NOTA: El hemocitómetro está diseñado de modo que el número de células en un conjunto de 16 cuadrados de las esquinas es equivalente al número de células x 10 4 / ml.
- Seed 1 x 10 6 células en 10 cm placas de cultivo de tejidos de 24 horas antes del proceso de electroporación.
- Descartar el medio DMEM completo por succión estéril y añadir 10 ml de PBS estéril. Desechar el PBS mediante aspiración estéril y añadir 1 ml de tripsina-EDTA 0,25%. Incubar la placa a 37 ° C hasta que las células se separan (2-3 min). Añadir 4 ml de medio completo DMEM y resuspender las células en un tubo de 15 ml.
- Girar las células hacia abajo a 250 xg durante 5 min usando una centrífuga refrigerada (4 ° C).
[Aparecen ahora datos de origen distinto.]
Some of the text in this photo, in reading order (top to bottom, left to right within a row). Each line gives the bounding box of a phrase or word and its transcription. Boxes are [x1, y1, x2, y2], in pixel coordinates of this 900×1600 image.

Eliminar el sobrenadante por aspiración estéril y resuspender el precipitado en 1 ml de PBS estéril. Girar las células hacia abajo a 250 g durante 5 min a 4 ° C.
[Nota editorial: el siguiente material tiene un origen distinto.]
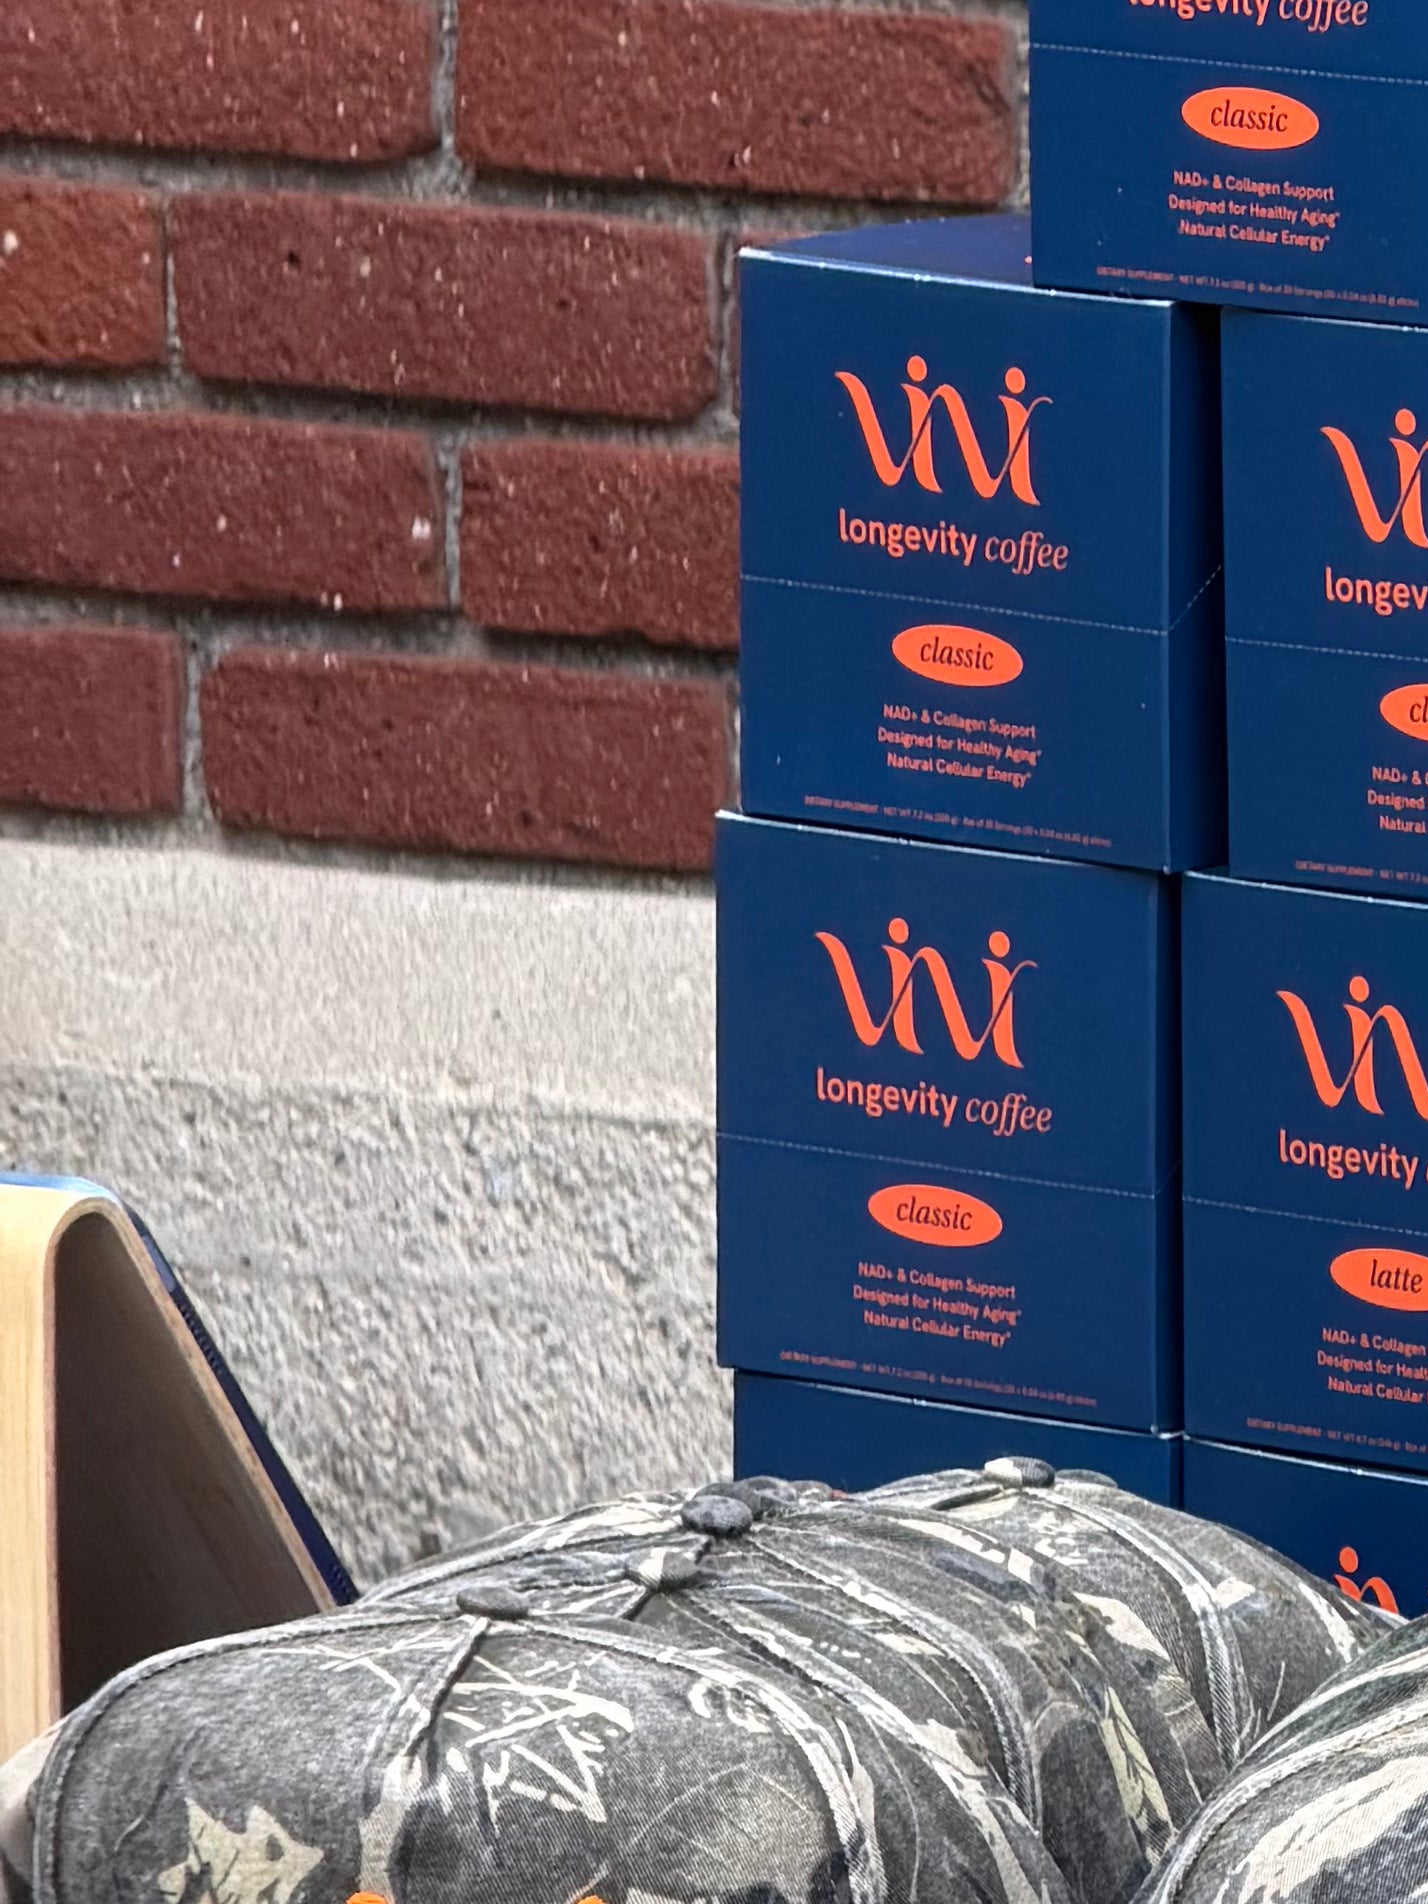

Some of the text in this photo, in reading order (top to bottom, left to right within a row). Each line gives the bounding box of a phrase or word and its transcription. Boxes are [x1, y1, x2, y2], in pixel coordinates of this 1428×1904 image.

[1210, 99, 1288, 132] classic
[838, 509, 1068, 576] longevity coffee
[920, 636, 994, 671] classic
[816, 1067, 1052, 1138] longevity coffee
[1278, 1129, 1419, 1190] longevity
[896, 1196, 973, 1231] classic
[1370, 1258, 1423, 1294] latte
- Eliminar el sobrenadante por aspiración estéril, y añadir 100 l Of mezcla de solución para la electroporación (82 l de solución de electroporación V + 18 l de solución Suplementaria 1) al sedimento celular y resuspender suavemente el precipitado pipeteando (Para más detalles, consulte el Manual del usuario). Añadir 2 g de EYFP-Parkin (excitación / emisión 514/527) y 1 g pDsRed2-Mito (excitación / emisión 565/620) a la suspensión celular.
- Transferir la solución a la cubeta estéril utilizando un pasteur desechable (ambas herramientas se proporcionan con el kit) y electroporación utilizando el programa pre-establecido NIH / 3T3 T-030 (solo pulso, tensión de 200 V, la capacitancia 960 mF, tiempo de pulso de 20 milisegundos , el número de impulsos: 1).
- Inmediatamente después de la electroporación, añadir 500 l de medio DMEM completo pre-calentado fresco y sembrar la célula en un 6 cm de la placa de cultivo de tejidos en vivo de imágenes de grado y los incuban en una atmósfera humidificada que contiene 5% de CO 2 a 37 ° C durante 24 horas.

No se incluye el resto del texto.